The Scrapped Ending

Written by Leila Winters

NOTE: This was thrown out in the early planning stages, but I wrote it anyway (quickly) because if the story had gone in a different direction, this would have been a nice epilogue.

It felt too Hollywood to be a serious ending. And it kind of defeats the entire purpose of the first part of the story.


The moving men hauled couches and dressers and rugs from the giant estate.

"Wait, wait," a woman called, running up to the men who were carrying two large covered canvases. "Which are these?"

"Uh, for a Miss Takani?"

"Yes, that's me," she said, flashing her I.D. "I won these at the auction. Can you put them in my truck?"


"A shame what happened to the owner," her male driver said.

She pursed her lips. "I'm not sad at all. It took too long and too much money to get these back."

They pulled in front of her own estate.

"I'll have someone bring these inside and put them up in the lounge," he said.

"Thank you, Geoffrey."


They had been unveiled and they stared at the pair of eyes that stared back with age.

"The resemblance really is remarkable," he said, unable to break his gaze.

She smiled, eyes moist with emotion as she stood mesmerized by the two faces rendered so beautifully and life-like in oil. "You really think so?"

She stretched out a hand and traced the engraving of the plaque in the painting's frame. The Doctor.

"I've finally brought you home."


She set her cup down and sighed heavily.

"What's wrong, young miss? Something troubling you?"

"No, it's all right. It's just—" she looked over at the two elegantly painted figures again. "I just kind of realized why my father never wanted to contact me again after—after that time."

"You were so young then. Do you remember what happened?"

She looked perturbed. "Of course I do! How would any child ever forget?"

She remembered the screaming.

"Is it mine?"

"Please, stop. Oh god. What have you done?"

"Answer the motherfucken question, you whore."

Sobbing. "Why are you doing this?"

Two more loud shots.

"STOP IT! Can't you see he's already dead??"

"Answer me. Is that THING mine?"

"God. Please. Don't do this. Don't hurt her."

Two shots and a thud.

She was shaking as she slipped into the closet, trying not to cry. A few minutes later, there were footsteps and her father's voice:

"Pumpkin? Are you home? You can come out now. We're not fighting anymore."

"Miss?"

She tried to dispel the glazed look on her face as memory encroached her present.

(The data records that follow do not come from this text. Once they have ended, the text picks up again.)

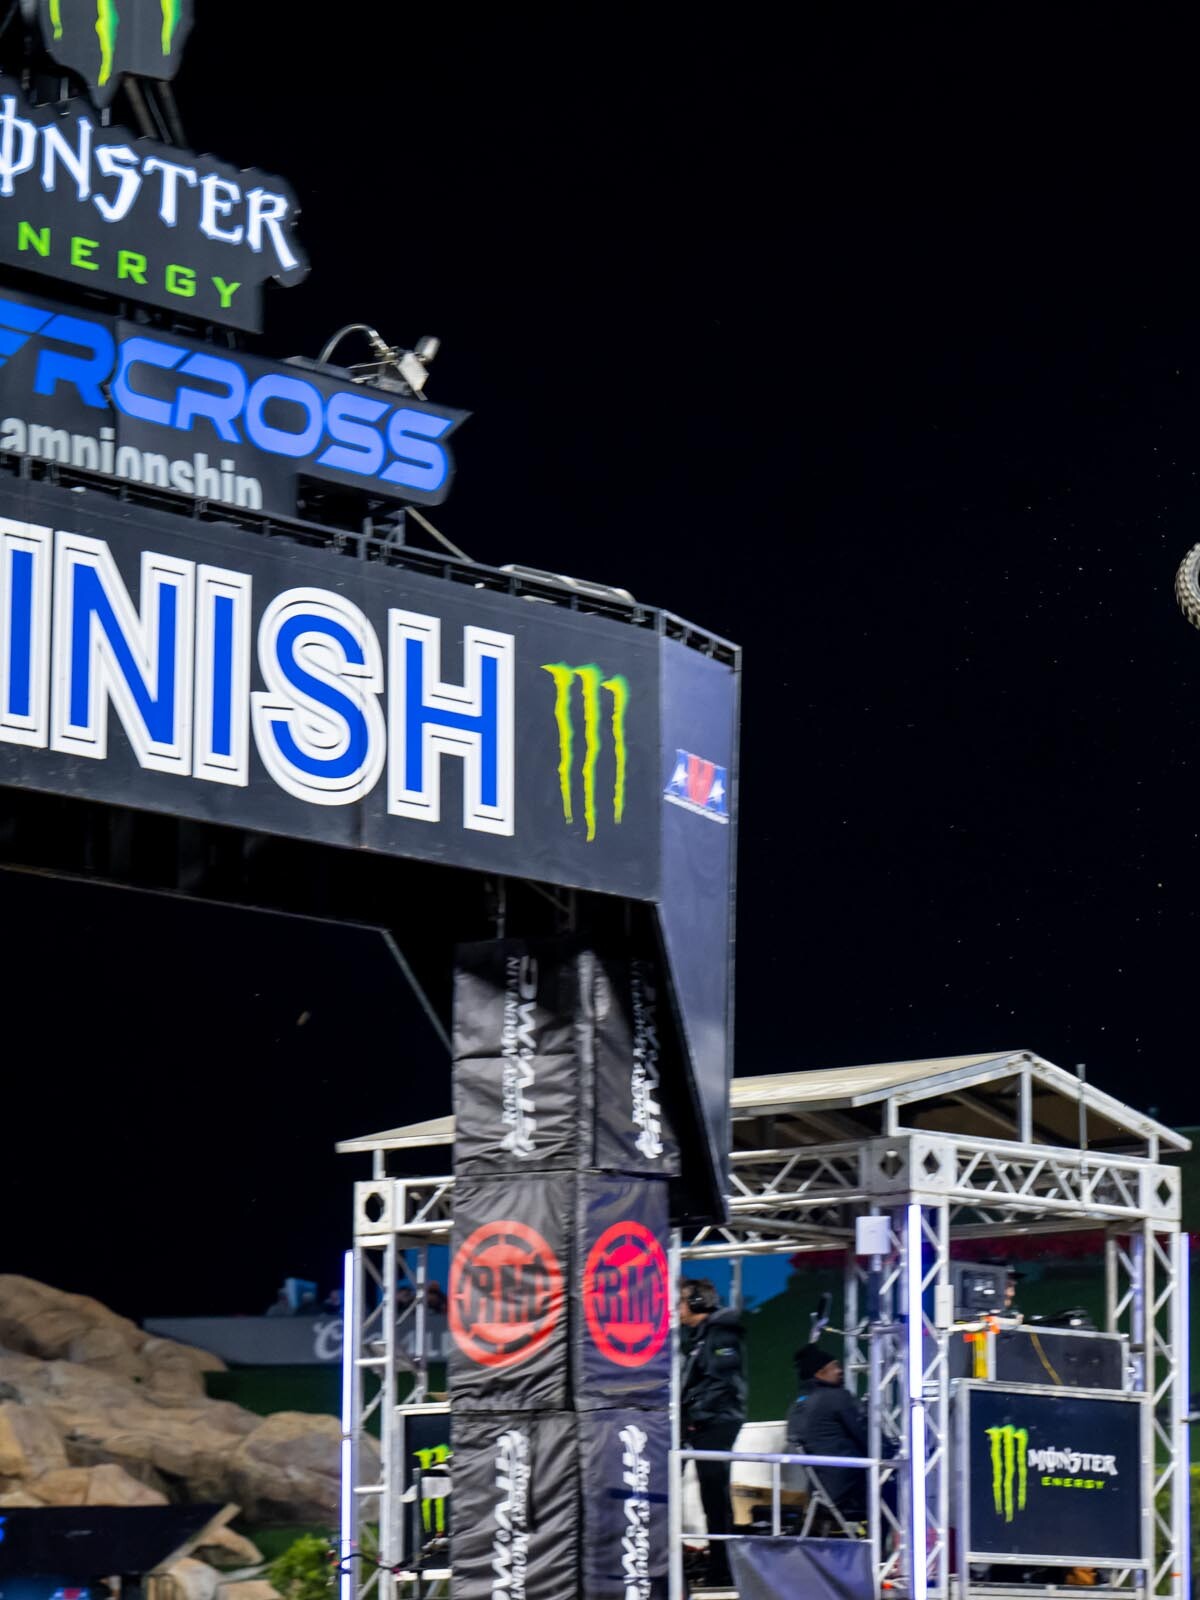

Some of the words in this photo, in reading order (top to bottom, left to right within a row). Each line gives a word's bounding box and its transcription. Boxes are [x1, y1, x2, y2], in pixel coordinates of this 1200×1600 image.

[17, 221, 241, 308] NERGY
[0, 519, 514, 836] INISH
[501, 956, 520, 1058] MOUNTAIN
[502, 1063, 517, 1125] ROCKY
[631, 1062, 648, 1125] ROCKY
[1027, 1446, 1118, 1475] MONSTER
[1041, 1476, 1105, 1489] ENERGY
[511, 1463, 531, 1526] ROCKY

"They loved each other for years, you know."

"Excuse me?"

"Them," she said, face indicating the two paintings hanging proudly on the wall. "My mother and my father's security foreman. He was gone so much, I guess my mother got lonely."

"Your father was a great man."

"Maybe. On the day of the incident, he caught them together in the study."

It was quiet.

"Do you think they're happy, Geoffrey? The three of us used to have picnics in the garden when my father was away. I've never seen my mother so happy. I feel like…" she wiped a hand across her eyes. "…if they're not allowed to be happy after everything, what was it all for?"

"Don't do this to yourself. Your mother would not want to see you in this state."

She stood up suddenly. "What is with this house? Must every emotion be suppressed? When is anyone allowed to feel anything?"

He looked as though he was going to say something, then bowed his head and went to the door. "I'm sorry. Perhaps I am not the one you should speak with. But I think your father loved your mother a great deal. He was hurt when he found her with another man."

She waited to hear the click of the door latch before standing and moving in front of the portraits once again. She stared deep into her mother's eyes set in a face so much like her own.

And she felt those eyes tell her they were at peace at last.


END NOTES: In case there is confusion, when Miss Takani's mother was killed, her father was arrested and never spoke to his daughter again, even after his release. Many things were sold in order to keep the estate and the child cared for, including the paintings, which Kanryuu bought. Following his death years later, the paintings were recovered by Megumi Takani's daughter. The epilogue assumes that Aoshi and Megumi's painting didn't ultimately leave their canvases. The feelings they had in real life transferred over into their portraits.

Yeah. Hollywood.

(And it removes agency from the characters since they act only from a life they have no recollection of. It suggests that everything is fixed. Bah. Yet even so, I still imagine both plotlines running simultaneously, with and without, and it satisfies me.)